David A. French Artist Statement:

I was diagnosed with cancer in 2000. Today I am cancer free. This personally painful experience profoundly shaped me as an individual and artist. This event informs my artwork today. I do not try to represent those moments I had. I find myself creating imagery in order to make sense of certain things that have occurred or I wish to occur. In the face of personal oblivion, I wish to locate myself. I chose to work with oil paint on stretched linen or acrylics / inks on paper, primarily because of their fluid, fleshy, visceral and organic quality, not unlike the body. The painting surface is a skin, the illusory depth a body in space.

I have developed a process of applying paint that acts as a signifier of identity and cultural concerns. Over the three decades of producing non-objective painting, I have worked to create a bridge between gestural abstraction and process painting. Relational and non-relational painting experimentation has enabled me to nuance a language between mechanical automation and personal expression.

I am most interested in staging a celebratory and investigative relationship between the essential parts of Painting and me the artist.
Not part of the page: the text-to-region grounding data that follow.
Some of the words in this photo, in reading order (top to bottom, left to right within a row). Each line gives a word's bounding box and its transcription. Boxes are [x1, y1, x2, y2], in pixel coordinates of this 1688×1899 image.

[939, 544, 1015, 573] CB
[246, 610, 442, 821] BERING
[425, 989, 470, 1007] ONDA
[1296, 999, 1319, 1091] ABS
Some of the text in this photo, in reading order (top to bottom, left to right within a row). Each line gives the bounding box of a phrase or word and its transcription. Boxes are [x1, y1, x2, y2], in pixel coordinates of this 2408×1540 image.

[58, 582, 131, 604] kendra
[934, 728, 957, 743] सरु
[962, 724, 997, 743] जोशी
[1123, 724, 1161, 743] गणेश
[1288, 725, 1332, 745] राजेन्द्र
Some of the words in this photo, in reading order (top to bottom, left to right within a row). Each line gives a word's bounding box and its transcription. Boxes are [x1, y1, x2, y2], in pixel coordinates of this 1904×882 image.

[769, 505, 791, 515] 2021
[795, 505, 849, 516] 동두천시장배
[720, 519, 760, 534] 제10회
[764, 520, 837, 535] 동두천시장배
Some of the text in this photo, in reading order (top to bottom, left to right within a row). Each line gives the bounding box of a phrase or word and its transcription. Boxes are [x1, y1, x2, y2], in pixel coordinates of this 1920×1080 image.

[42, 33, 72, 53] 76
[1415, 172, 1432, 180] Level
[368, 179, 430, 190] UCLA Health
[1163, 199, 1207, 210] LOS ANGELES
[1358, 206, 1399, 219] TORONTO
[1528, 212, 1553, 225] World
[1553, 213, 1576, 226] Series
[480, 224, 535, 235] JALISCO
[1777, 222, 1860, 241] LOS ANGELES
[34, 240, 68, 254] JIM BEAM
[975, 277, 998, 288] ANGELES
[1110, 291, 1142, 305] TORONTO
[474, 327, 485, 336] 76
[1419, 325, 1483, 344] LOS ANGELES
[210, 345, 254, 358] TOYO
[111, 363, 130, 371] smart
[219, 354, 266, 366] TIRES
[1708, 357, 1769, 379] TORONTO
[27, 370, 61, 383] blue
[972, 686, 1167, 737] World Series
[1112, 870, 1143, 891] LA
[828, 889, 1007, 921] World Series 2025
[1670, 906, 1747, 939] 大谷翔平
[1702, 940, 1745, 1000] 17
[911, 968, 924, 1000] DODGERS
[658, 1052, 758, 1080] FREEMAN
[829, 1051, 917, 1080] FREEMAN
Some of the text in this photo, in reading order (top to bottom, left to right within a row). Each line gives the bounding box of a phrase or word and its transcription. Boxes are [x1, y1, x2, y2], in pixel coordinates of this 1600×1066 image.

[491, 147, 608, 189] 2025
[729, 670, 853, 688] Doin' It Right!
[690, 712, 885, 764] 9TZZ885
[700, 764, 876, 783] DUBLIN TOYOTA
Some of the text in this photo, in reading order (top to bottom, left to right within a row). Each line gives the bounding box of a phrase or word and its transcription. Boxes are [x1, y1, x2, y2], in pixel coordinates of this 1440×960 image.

The essential painters’ toolbox consists of the flat surface, red, yellow, blue and white. I think of my interaction with these basic materials as a collaborator and sculptor. I equate my physical action to those tool box components, everything contributes proportionally. The paint provides optical structure; I provide human agency.

The pallet is skipped in these works, in an effort to work more directly with the essential materials. Working in a manner where I do not represent something, I touch on the very essences of Painting.

I only have a tool box, a given set of materials, certain abilities, knowledge and my burning desire to make something with imperfect hands. I am searching for the best way forward in a beautiful and fluid foreign surrounding. Things occurred, are still occurring, and have yet to occur. I think of my work in relation to this phenomenon. We can only perceive a small slice of what is happening around us. My work appears to have been frozen in time, coming from somewhere, maybe just out of the picture plane and about to move forward past that moment. The work draws strength from this juxtaposition. I hope that the experience in viewing my artwork will revolve around this particular sense of heightened awareness.